He sent a video “thank you” to the National Farmer’s Union after winning the accolade. In his acceptance speech, Jeremy said: “It feels really weird. I’ve never even been nominated for a Bafta in 30 years of being on television. And now I don’t want a Bafta anymore. I’ve achieved everything! This is great, honestly. I’m so glad so many people enjoyed the show.”
It comes after millions watched his hit Clarkson’s Farm series, which followed the star’s struggles on his 1,000-acre Diddly Squat estate in the Cotswolds with his girlfriend Lisa Hogan, 48. Amazon Prime viewers lapped up his comic, no-nonsense approach and a second series is on the way.
Jeremy described it as “a love letter to the British countryside”. The ex-Top Gear presenter, 61, has been a strong supporter of the NFU’s call for food self-sufficiency not to slip below 60 percent. He wants the Government to push it to 80 per cent. His win was announced at the Grosvenor House Hotel in London on Thursday.

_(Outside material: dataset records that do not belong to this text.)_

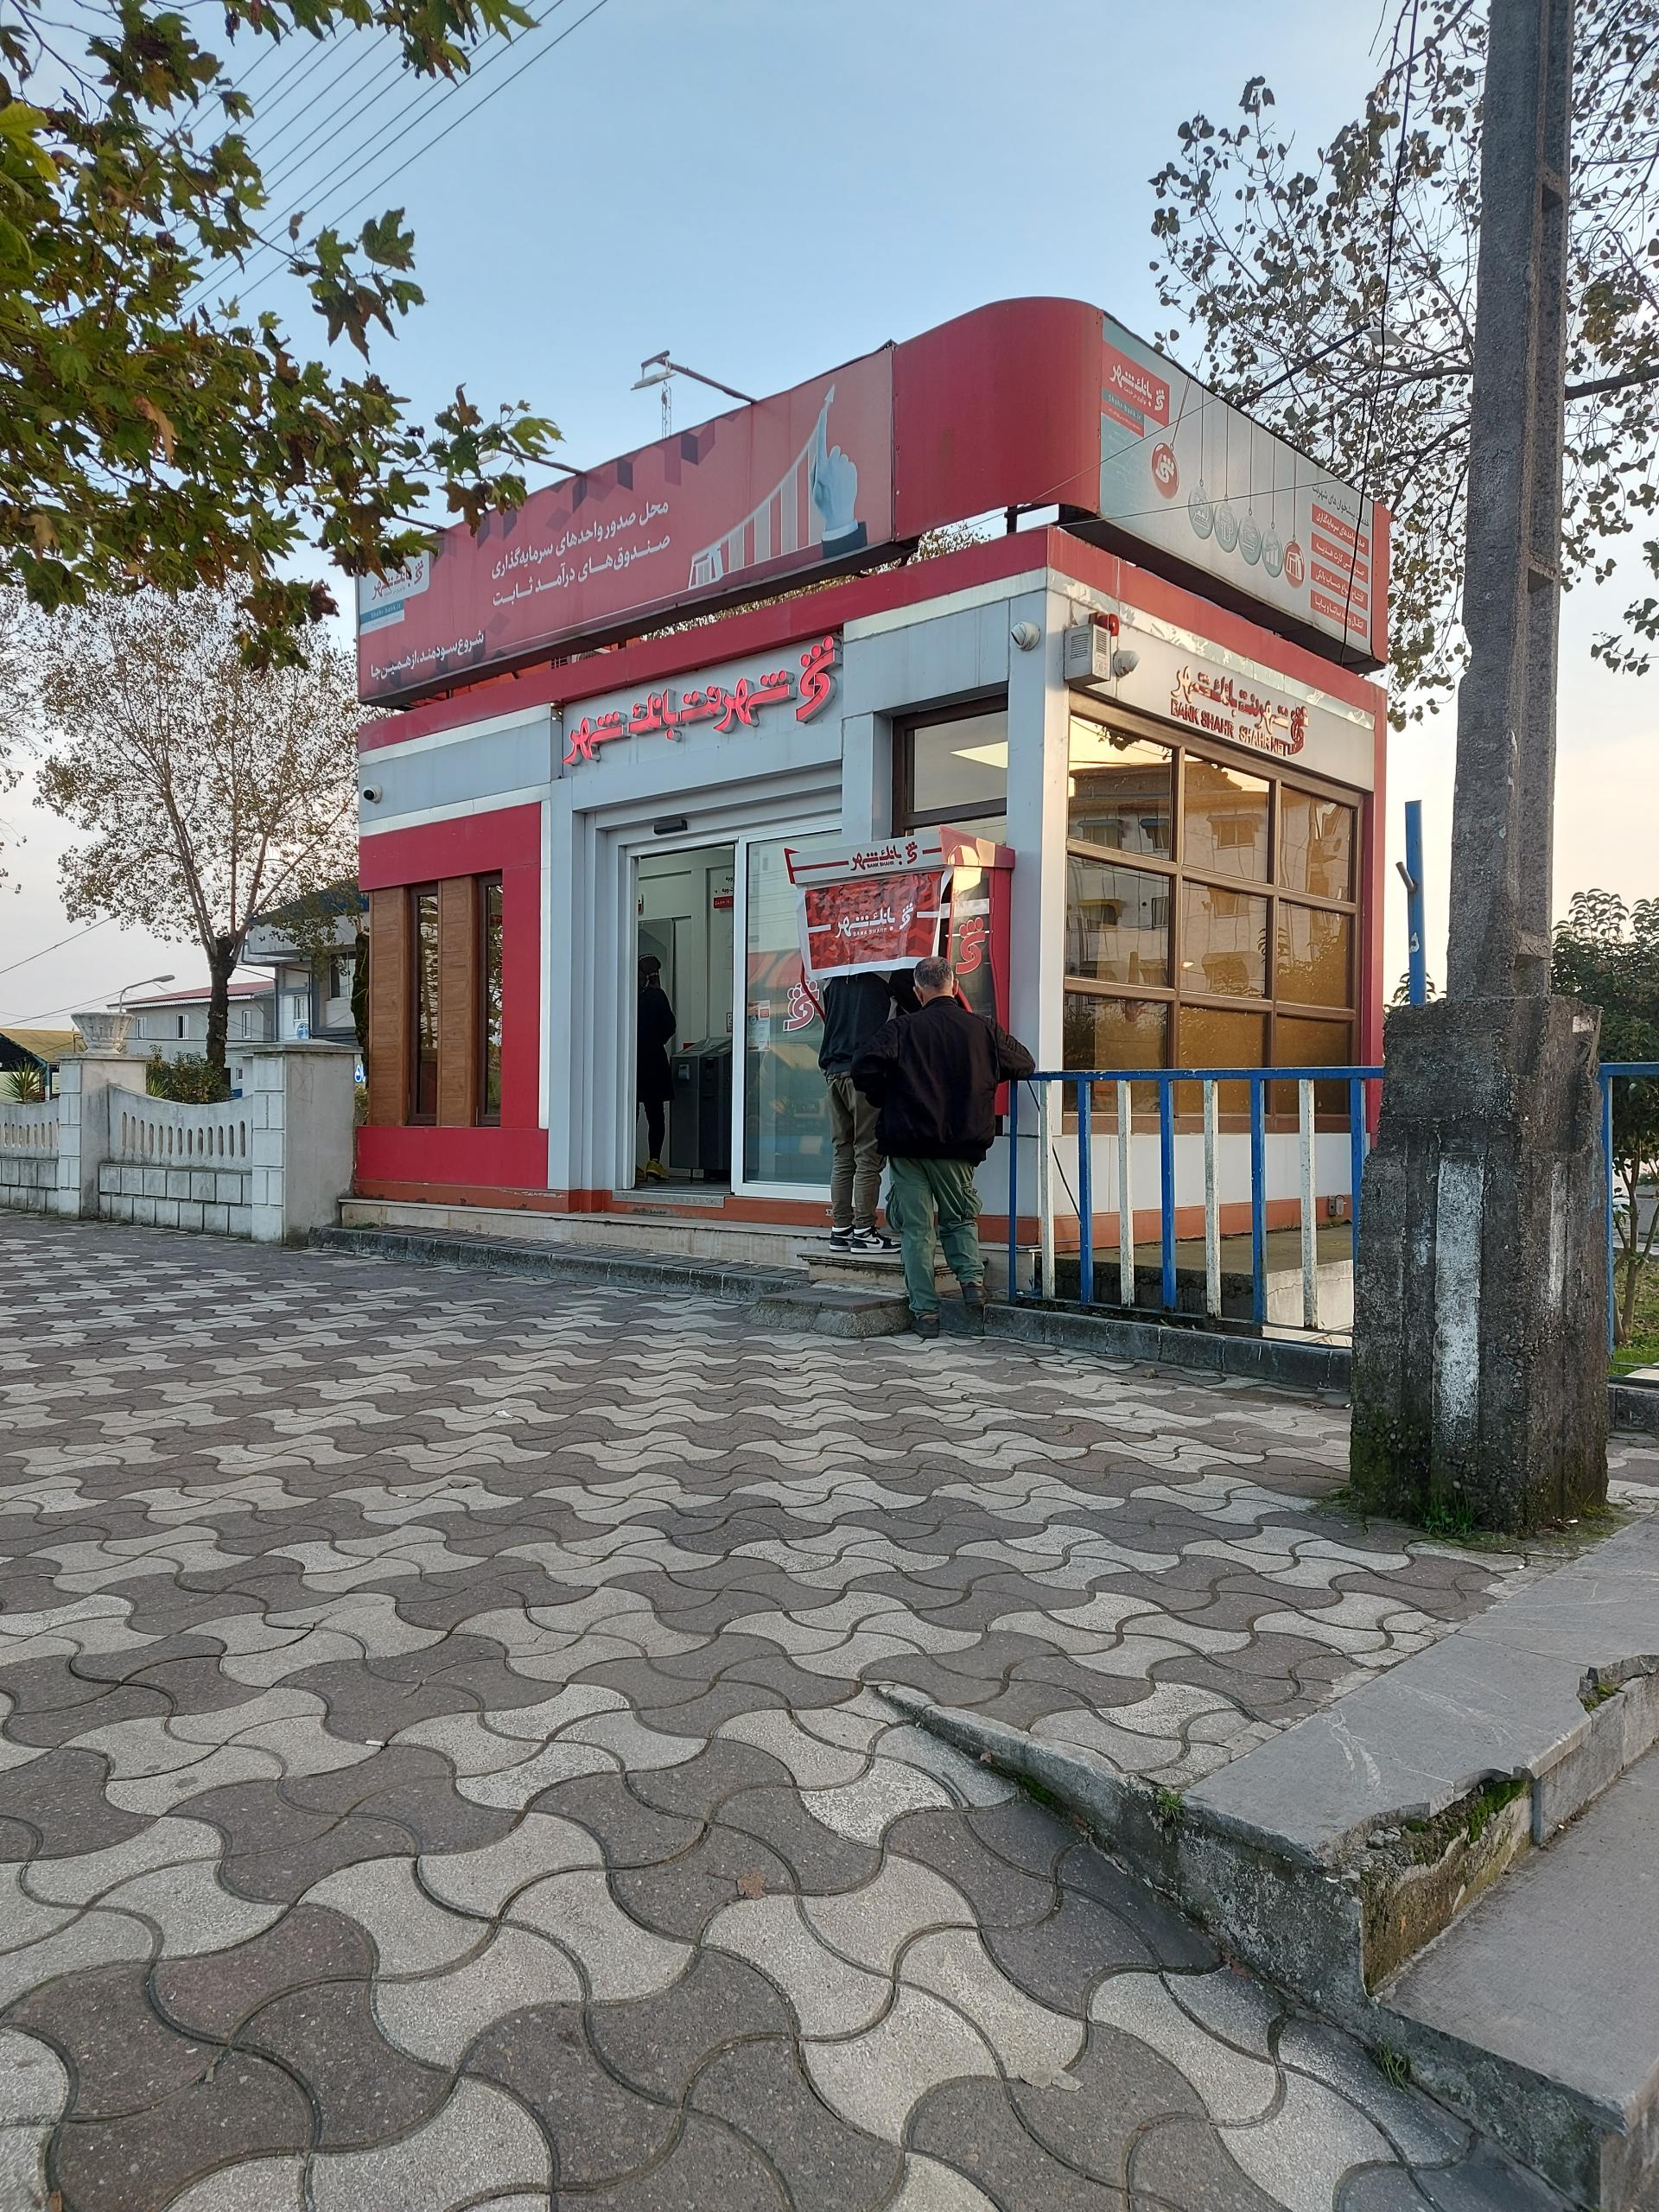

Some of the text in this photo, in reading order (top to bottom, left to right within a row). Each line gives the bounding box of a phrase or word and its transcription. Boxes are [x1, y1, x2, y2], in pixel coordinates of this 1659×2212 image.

[1109, 365, 1153, 407] بانک شهر
[605, 512, 636, 539] صدور
[639, 500, 668, 526] محل
[556, 521, 602, 556] واحدهای
[493, 576, 533, 606] ثابت
[535, 563, 575, 593] درآمد
[457, 630, 484, 655] شروع
[371, 664, 381, 680] جا
[380, 655, 411, 679] همین
[1171, 665, 1211, 704] شهر
[1211, 677, 1238, 718] بانک
[628, 689, 680, 742] بانک
[1171, 698, 1199, 725] BANK
[1200, 709, 1235, 739] SHAHR
[563, 711, 626, 766] شهر
[850, 844, 902, 871] بانک شهر
[835, 906, 895, 938] بانک شهر

NFU President Minette Batters said: “When it comes to recognising someone who has done their best to showcase British food and farming over the past 12 months, no one has earned this award more than Jeremy Clarkson.

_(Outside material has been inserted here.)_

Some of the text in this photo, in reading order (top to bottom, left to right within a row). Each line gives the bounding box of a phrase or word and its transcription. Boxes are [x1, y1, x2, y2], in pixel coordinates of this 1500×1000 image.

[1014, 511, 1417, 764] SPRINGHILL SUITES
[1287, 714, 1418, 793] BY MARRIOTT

“It’s been such a challenging time for British farming over the past 12 months; our farmers have kept shelves stocked with British food and dealt with extreme weather. Now, they are battling labour shortages, supply chain disruption and rising costs, which are causing severe problems for essential food producing businesses. Through all this, Jeremy has been a vocal champion.”